= DIRECTIONS FOR THIS TASK =
Everything in the records must appear again exactly, except the images.

= SUPPLIED INFORMATION =
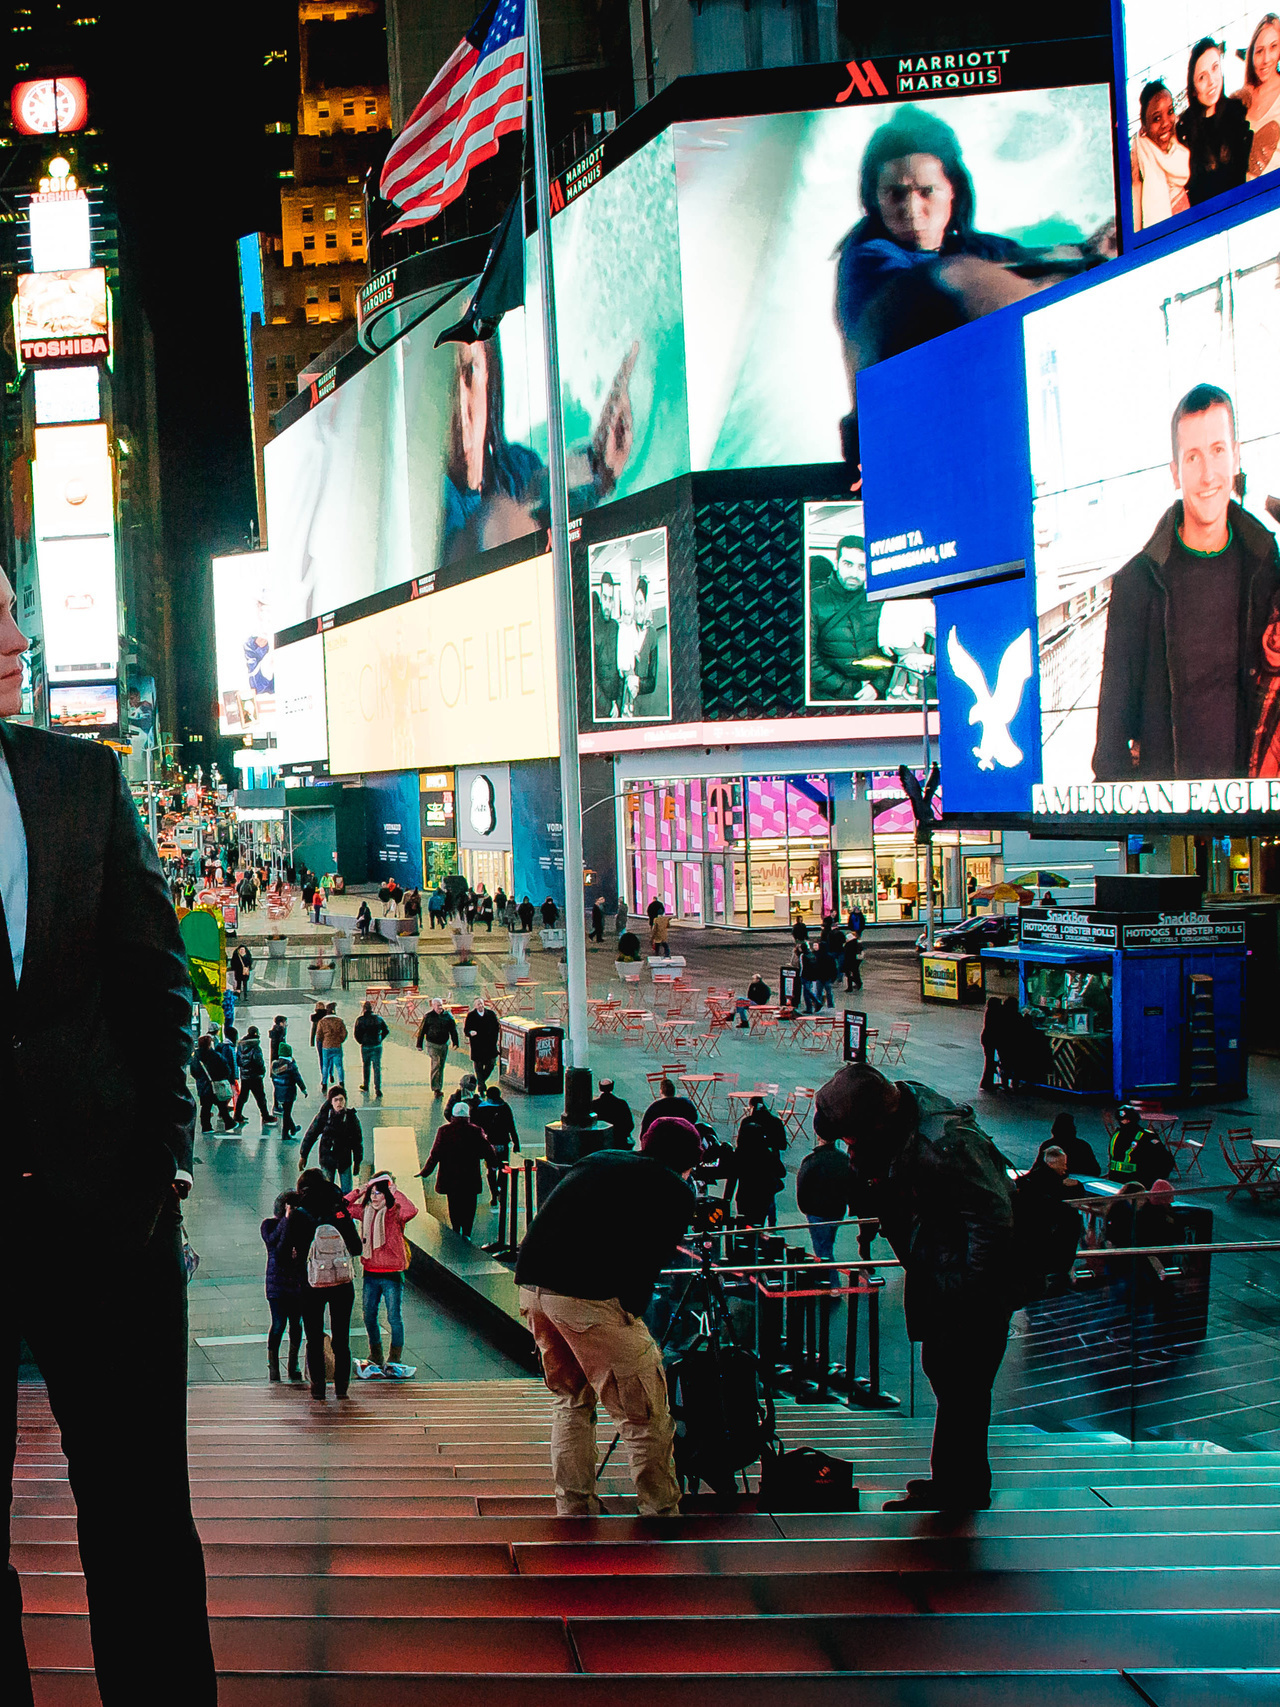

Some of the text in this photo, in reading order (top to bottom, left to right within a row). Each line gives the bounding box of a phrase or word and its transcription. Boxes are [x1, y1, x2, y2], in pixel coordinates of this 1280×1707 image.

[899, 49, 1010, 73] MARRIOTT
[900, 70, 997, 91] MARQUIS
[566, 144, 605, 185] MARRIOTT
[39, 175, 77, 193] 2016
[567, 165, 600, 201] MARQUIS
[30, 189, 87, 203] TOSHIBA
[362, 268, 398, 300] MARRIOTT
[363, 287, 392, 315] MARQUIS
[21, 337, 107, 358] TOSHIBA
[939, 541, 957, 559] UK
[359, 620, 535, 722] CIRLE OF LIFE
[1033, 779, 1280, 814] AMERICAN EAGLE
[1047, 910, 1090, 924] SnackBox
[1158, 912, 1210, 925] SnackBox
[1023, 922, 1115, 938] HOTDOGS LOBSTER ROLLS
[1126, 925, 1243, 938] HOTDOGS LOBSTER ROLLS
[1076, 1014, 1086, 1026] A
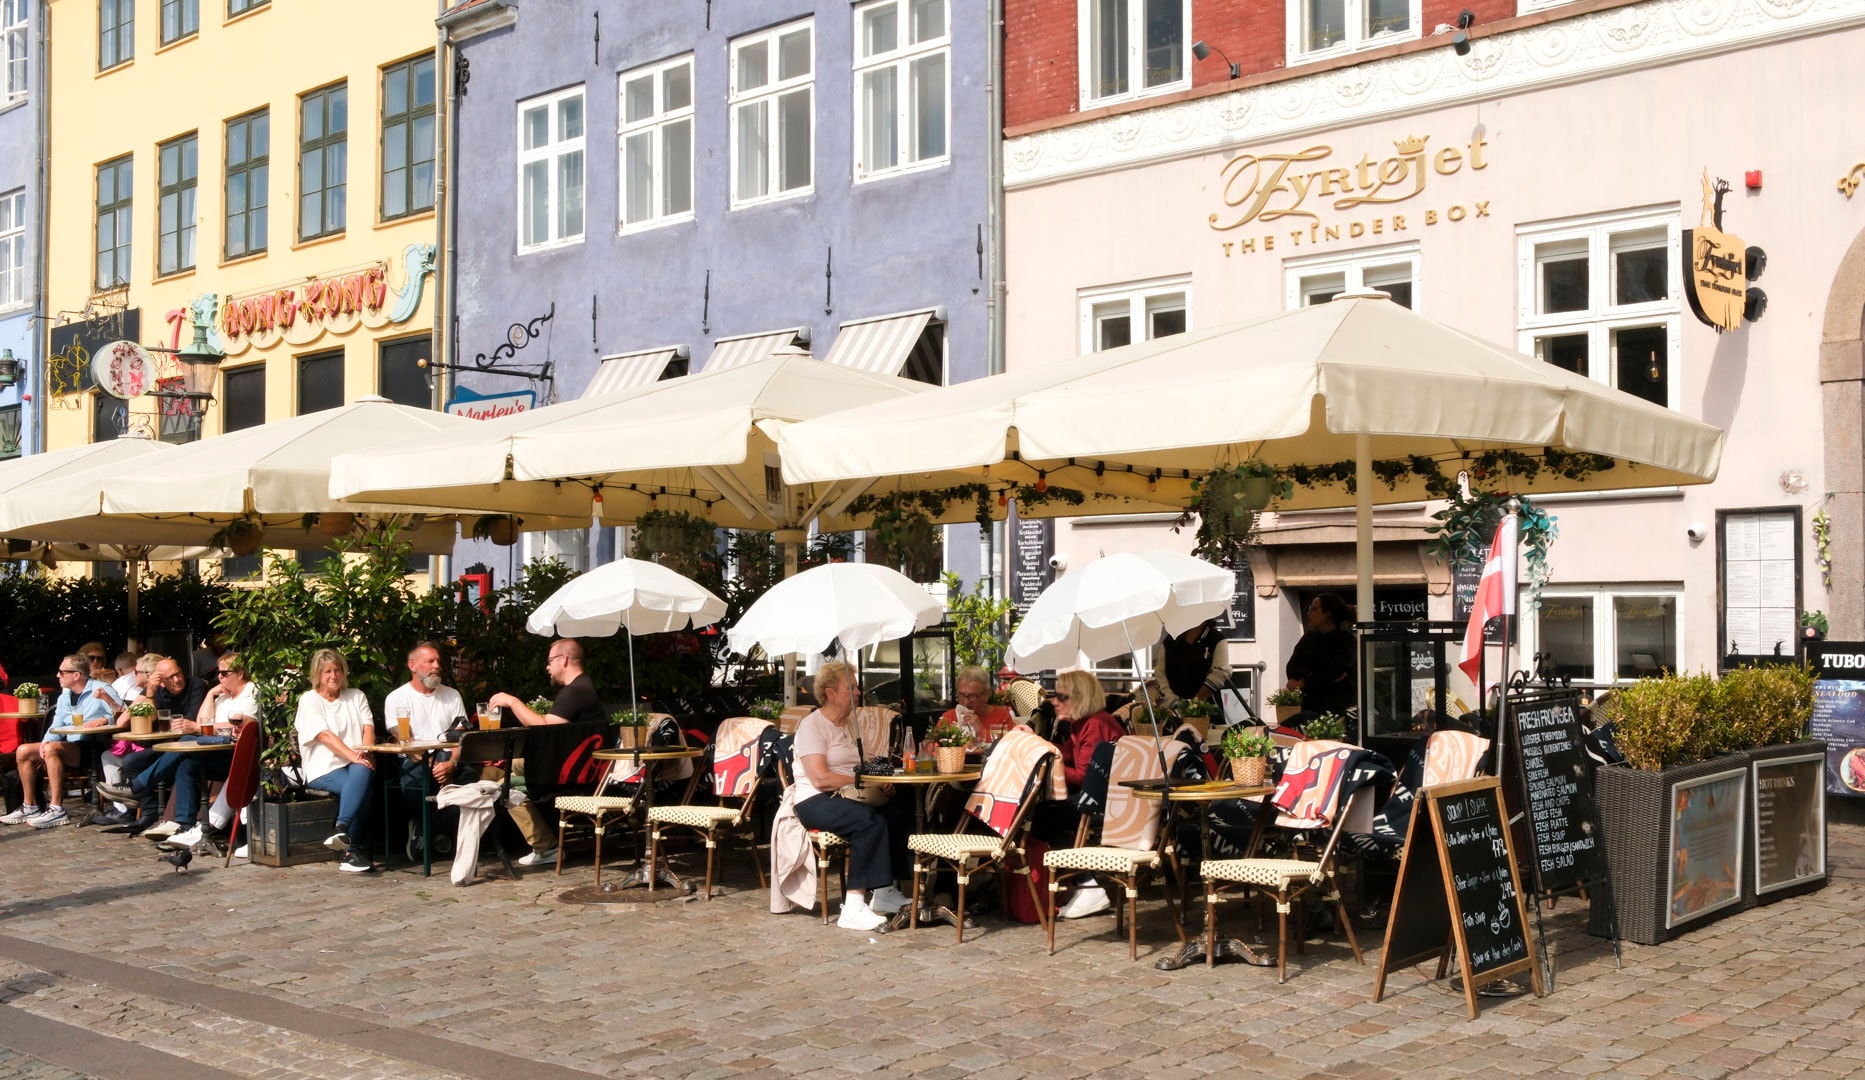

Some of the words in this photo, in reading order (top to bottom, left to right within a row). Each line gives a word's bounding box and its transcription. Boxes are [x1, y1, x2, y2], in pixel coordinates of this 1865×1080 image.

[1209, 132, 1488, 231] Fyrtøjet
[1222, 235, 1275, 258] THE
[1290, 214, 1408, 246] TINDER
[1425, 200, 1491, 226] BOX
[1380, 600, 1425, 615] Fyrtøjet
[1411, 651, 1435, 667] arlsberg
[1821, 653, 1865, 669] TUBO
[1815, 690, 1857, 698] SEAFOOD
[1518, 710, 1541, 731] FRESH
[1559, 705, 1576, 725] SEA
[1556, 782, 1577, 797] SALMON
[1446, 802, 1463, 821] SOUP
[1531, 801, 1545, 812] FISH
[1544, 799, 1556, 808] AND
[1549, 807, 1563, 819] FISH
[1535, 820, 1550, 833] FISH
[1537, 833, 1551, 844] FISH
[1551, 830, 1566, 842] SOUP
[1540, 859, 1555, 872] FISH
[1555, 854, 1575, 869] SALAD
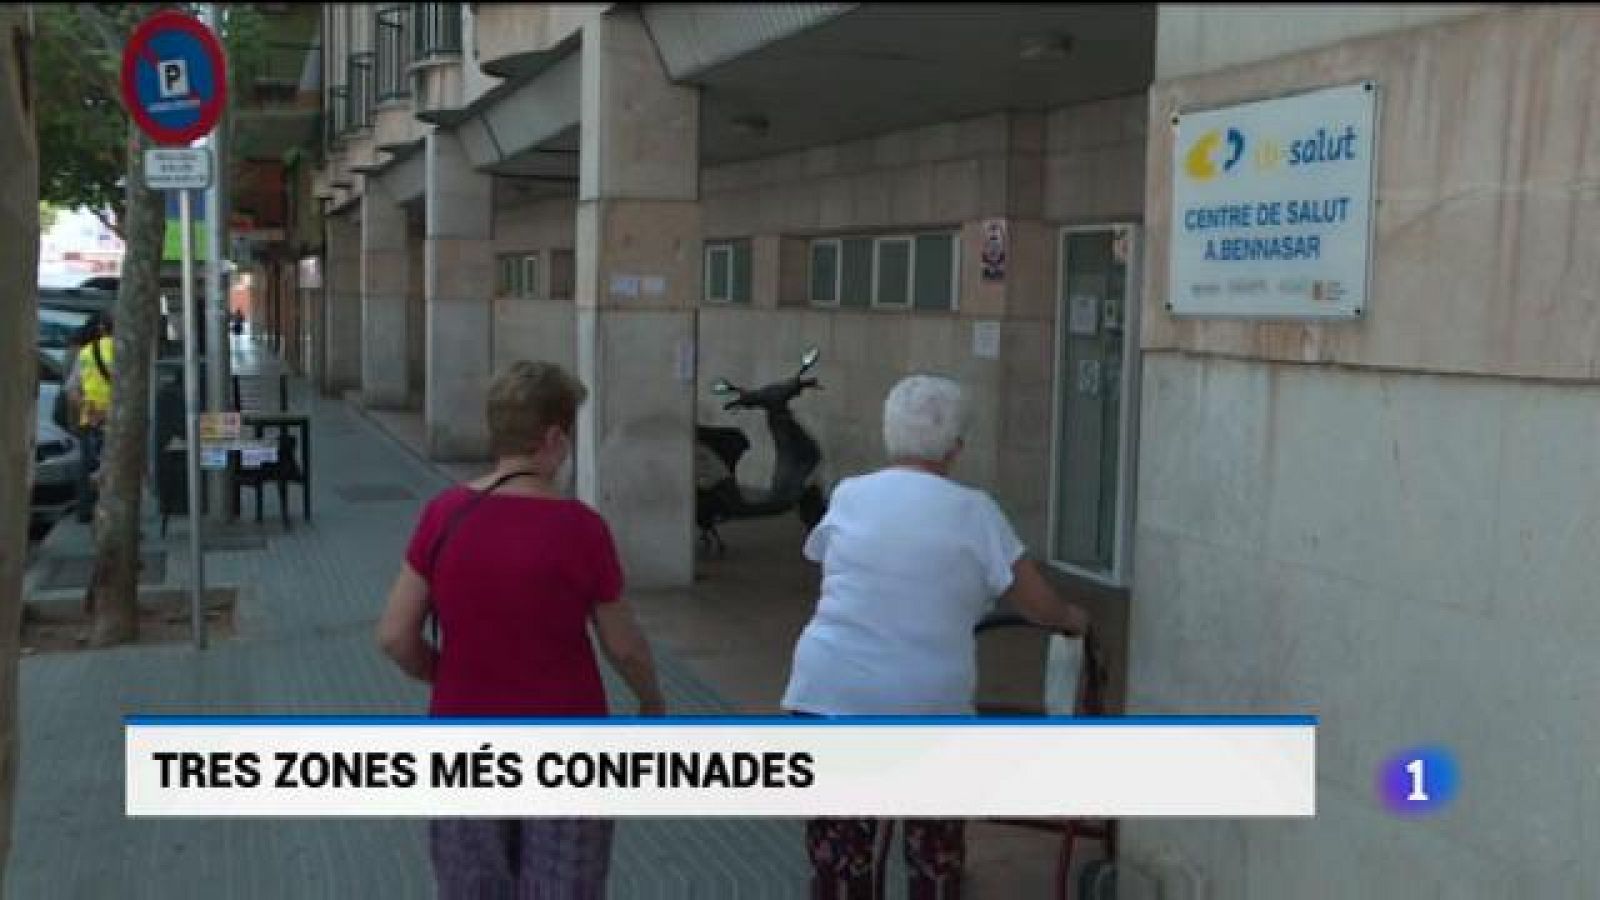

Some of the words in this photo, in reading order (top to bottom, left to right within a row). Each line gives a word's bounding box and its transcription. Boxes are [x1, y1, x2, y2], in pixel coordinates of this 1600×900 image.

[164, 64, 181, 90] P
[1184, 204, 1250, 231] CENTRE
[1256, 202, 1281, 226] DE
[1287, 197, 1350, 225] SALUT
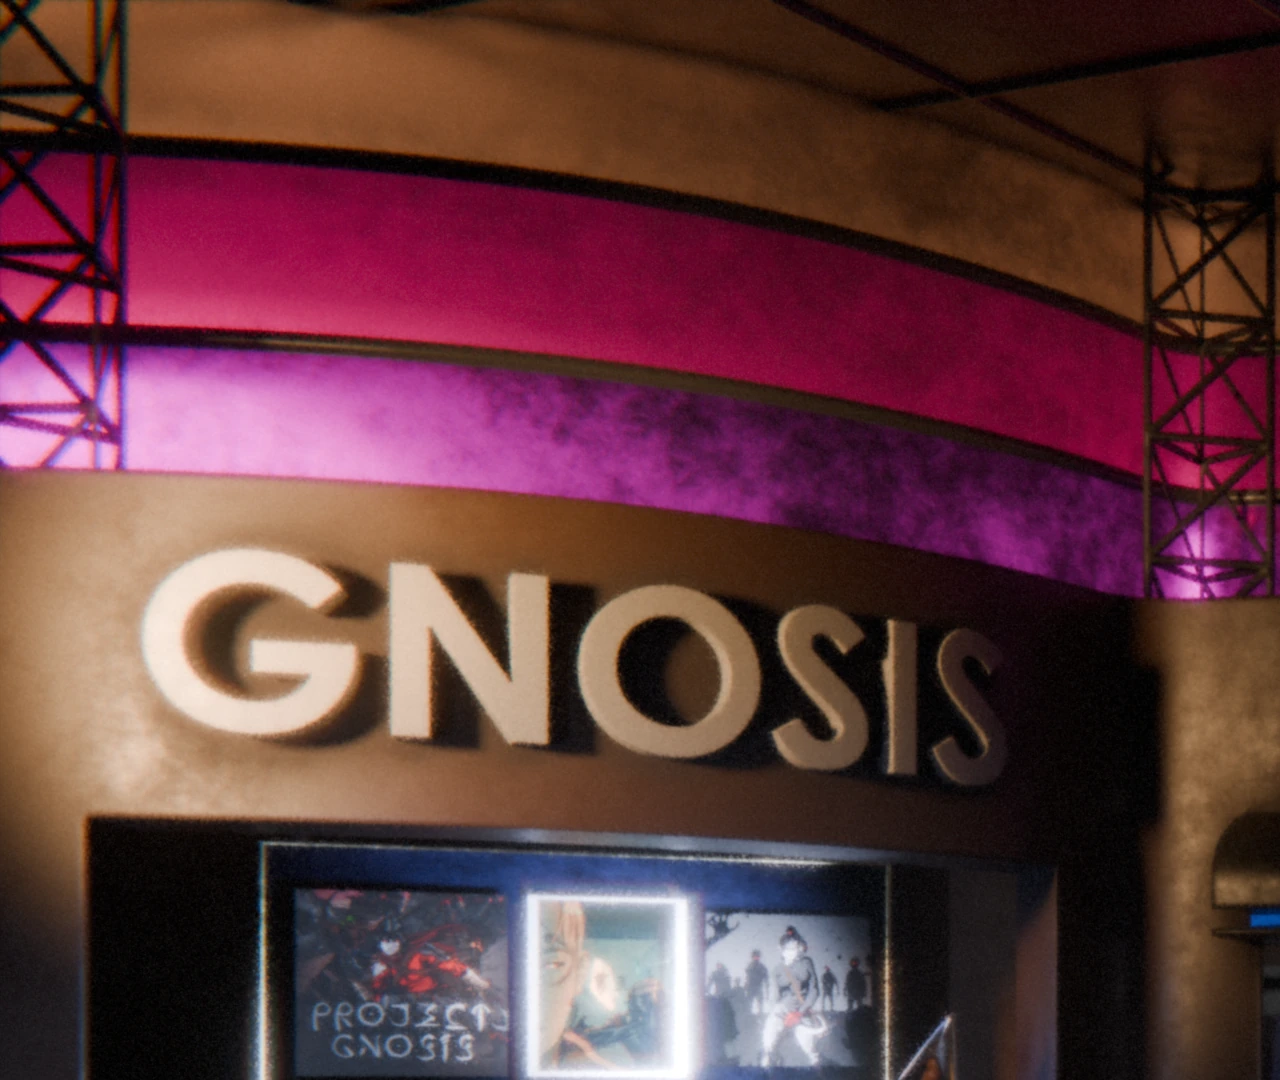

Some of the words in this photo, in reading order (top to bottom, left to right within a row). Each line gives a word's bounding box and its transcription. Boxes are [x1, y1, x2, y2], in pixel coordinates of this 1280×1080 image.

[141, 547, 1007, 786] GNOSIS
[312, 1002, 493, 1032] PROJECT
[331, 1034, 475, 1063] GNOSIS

= WRITTEN SOLUTION =
Some of the text in this photo, in reading order (top to bottom, left to right within a row). Each line gives the bounding box of a phrase or word and its transcription. Boxes are [x1, y1, x2, y2], in pixel coordinates of this 1280×1707 image.

[899, 49, 1010, 73] MARRIOTT
[900, 70, 997, 91] MARQUIS
[566, 144, 605, 185] MARRIOTT
[39, 175, 77, 193] 2016
[567, 165, 600, 201] MARQUIS
[30, 189, 87, 203] TOSHIBA
[362, 268, 398, 300] MARRIOTT
[363, 287, 392, 315] MARQUIS
[21, 337, 107, 358] TOSHIBA
[939, 541, 957, 559] UK
[359, 620, 535, 722] CIRLE OF LIFE
[1033, 779, 1280, 814] AMERICAN EAGLE
[1047, 910, 1090, 924] SnackBox
[1158, 912, 1210, 925] SnackBox
[1023, 922, 1115, 938] HOTDOGS LOBSTER ROLLS
[1126, 925, 1243, 938] HOTDOGS LOBSTER ROLLS
[1076, 1014, 1086, 1026] A

Some of the words in this photo, in reading order (top to bottom, left to right within a row). Each line gives a word's bounding box and its transcription. Boxes are [x1, y1, x2, y2], in pixel coordinates of this 1865×1080 image.

[1209, 132, 1488, 231] Fyrtøjet
[1222, 235, 1275, 258] THE
[1290, 214, 1408, 246] TINDER
[1425, 200, 1491, 226] BOX
[1380, 600, 1425, 615] Fyrtøjet
[1411, 651, 1435, 667] arlsberg
[1821, 653, 1865, 669] TUBO
[1815, 690, 1857, 698] SEAFOOD
[1518, 710, 1541, 731] FRESH
[1559, 705, 1576, 725] SEA
[1556, 782, 1577, 797] SALMON
[1446, 802, 1463, 821] SOUP
[1531, 801, 1545, 812] FISH
[1544, 799, 1556, 808] AND
[1549, 807, 1563, 819] FISH
[1535, 820, 1550, 833] FISH
[1537, 833, 1551, 844] FISH
[1551, 830, 1566, 842] SOUP
[1540, 859, 1555, 872] FISH
[1555, 854, 1575, 869] SALAD

Some of the words in this photo, in reading order (top to bottom, left to right within a row). Each line gives a word's bounding box and its transcription. Boxes are [x1, y1, x2, y2], in pixel coordinates of this 1600×900 image.

[164, 64, 181, 90] P
[1184, 204, 1250, 231] CENTRE
[1256, 202, 1281, 226] DE
[1287, 197, 1350, 225] SALUT

Some of the words in this photo, in reading order (top to bottom, left to right within a row). Each line gives a word's bounding box and its transcription. Boxes are [x1, y1, x2, y2], in pixel coordinates of this 1280×1080 image.

[141, 547, 1007, 786] GNOSIS
[312, 1002, 493, 1032] PROJECT
[331, 1034, 475, 1063] GNOSIS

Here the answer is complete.